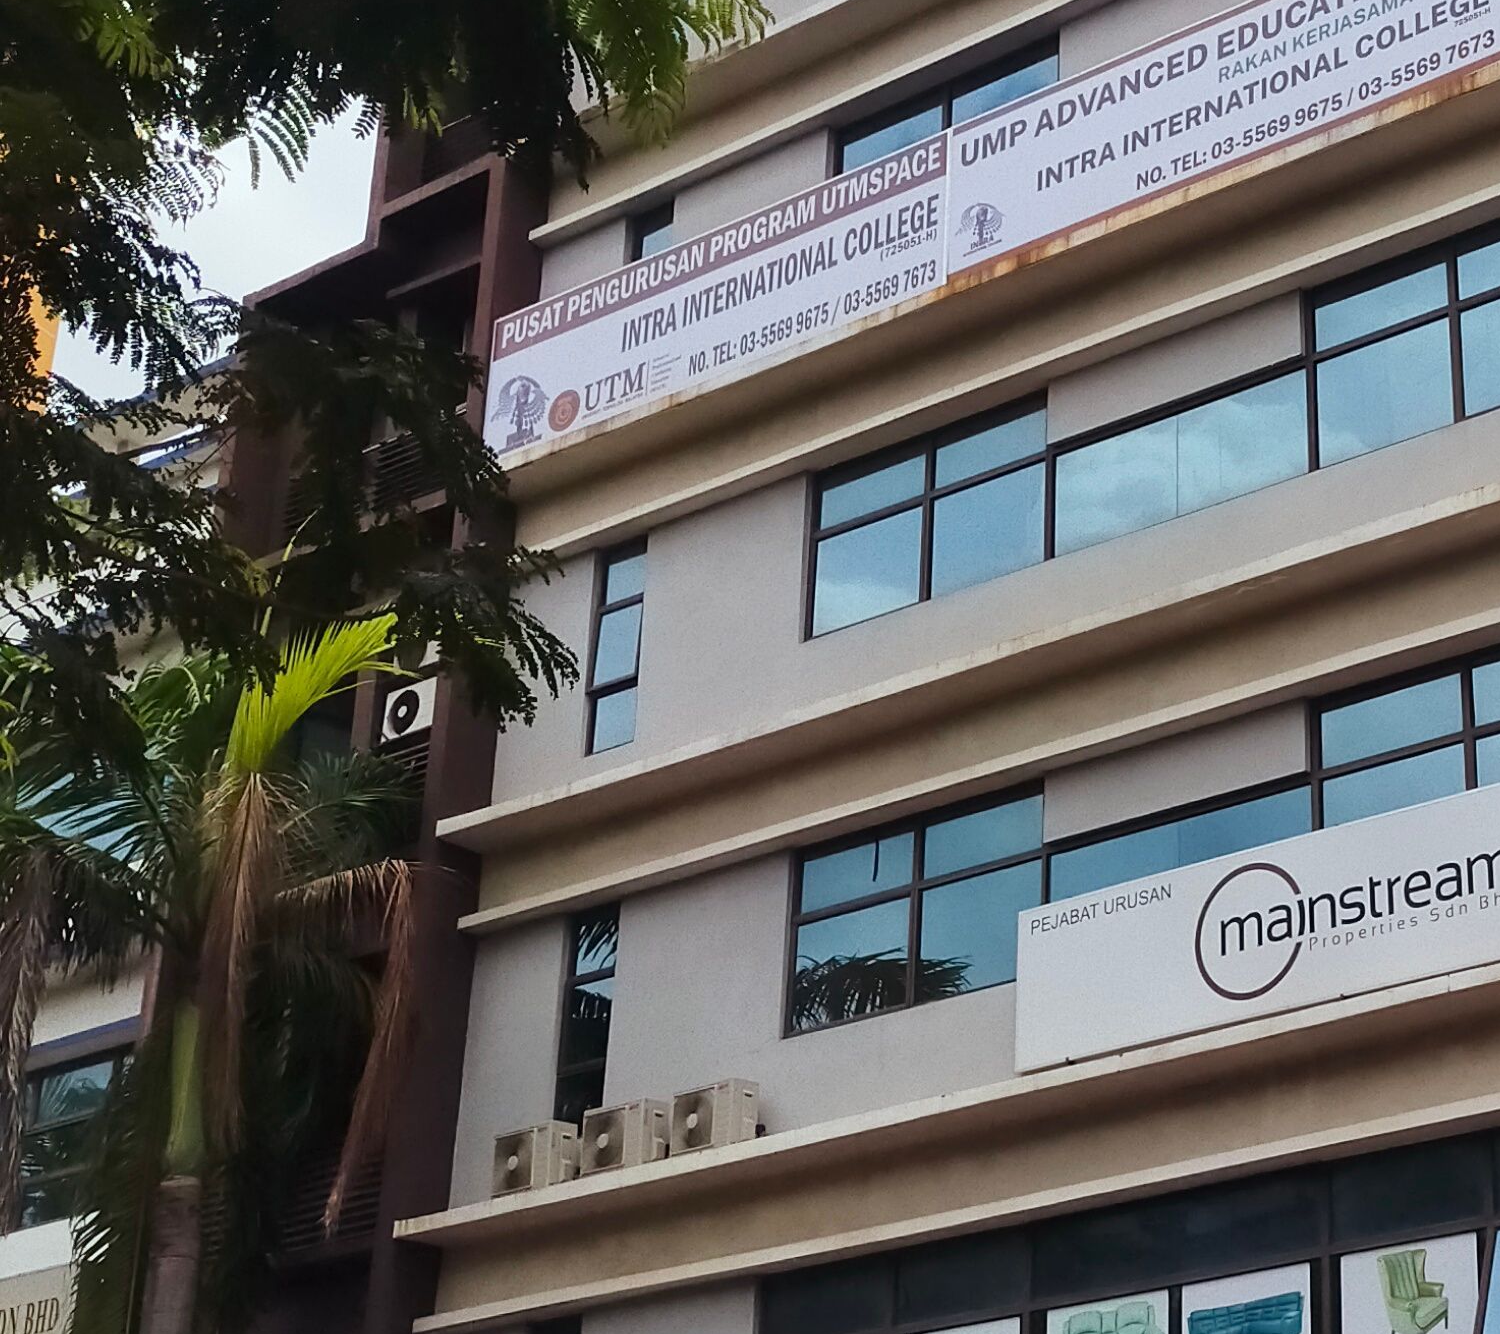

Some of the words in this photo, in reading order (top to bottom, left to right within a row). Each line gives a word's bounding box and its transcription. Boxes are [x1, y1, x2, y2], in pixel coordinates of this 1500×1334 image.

[960, 119, 1027, 168] UMP
[1035, 43, 1209, 138] ADVANCED
[1036, 143, 1116, 193] INTRA
[1122, 51, 1349, 164] INTERNATIONAL
[1136, 164, 1168, 191] NO.
[1171, 149, 1207, 180] TEL:
[1211, 114, 1291, 161] 03-5569
[1294, 92, 1344, 135] 9675
[1346, 87, 1355, 114] /
[1358, 51, 1442, 103] 03-5569
[1446, 28, 1496, 73] 7673
[1218, 46, 1288, 84] RAKAN
[501, 311, 563, 351] PUSAT
[567, 245, 706, 323] PENGURUSAN
[709, 199, 816, 261] PROGRAM
[821, 141, 942, 214] UTMSPACE
[621, 303, 678, 353] INTRA
[682, 241, 838, 329] INTERNATIONAL
[844, 193, 941, 261] COLLEGE
[688, 351, 709, 377] NO.
[712, 340, 738, 369] TEL:
[740, 319, 794, 356] 03-5569
[796, 305, 830, 336] 9675
[831, 296, 841, 327] /
[844, 276, 900, 316] 03-5569
[903, 259, 937, 296] 7673
[584, 362, 646, 412] UTM
[1030, 903, 1099, 936] PEJABAT
[1103, 882, 1173, 917] URUSAN
[1307, 915, 1420, 952] Properties
[1430, 899, 1469, 923] Sdn
= = = = =
→ Exercise instructions:
A verbatim copy of every entry above, with no pictures, is the expected output.

→ Response below:
Some of the words in this photo, in reading order (top to bottom, left to right within a row). Each line gives a word's bounding box and its transcription. Boxes are [x1, y1, x2, y2], in pixel coordinates of this 1500×1334 image.

[960, 119, 1027, 168] UMP
[1035, 43, 1209, 138] ADVANCED
[1036, 143, 1116, 193] INTRA
[1122, 51, 1349, 164] INTERNATIONAL
[1136, 164, 1168, 191] NO.
[1171, 149, 1207, 180] TEL:
[1211, 114, 1291, 161] 03-5569
[1294, 92, 1344, 135] 9675
[1346, 87, 1355, 114] /
[1358, 51, 1442, 103] 03-5569
[1446, 28, 1496, 73] 7673
[1218, 46, 1288, 84] RAKAN
[501, 311, 563, 351] PUSAT
[567, 245, 706, 323] PENGURUSAN
[709, 199, 816, 261] PROGRAM
[821, 141, 942, 214] UTMSPACE
[621, 303, 678, 353] INTRA
[682, 241, 838, 329] INTERNATIONAL
[844, 193, 941, 261] COLLEGE
[688, 351, 709, 377] NO.
[712, 340, 738, 369] TEL:
[740, 319, 794, 356] 03-5569
[796, 305, 830, 336] 9675
[831, 296, 841, 327] /
[844, 276, 900, 316] 03-5569
[903, 259, 937, 296] 7673
[584, 362, 646, 412] UTM
[1030, 903, 1099, 936] PEJABAT
[1103, 882, 1173, 917] URUSAN
[1307, 915, 1420, 952] Properties
[1430, 899, 1469, 923] Sdn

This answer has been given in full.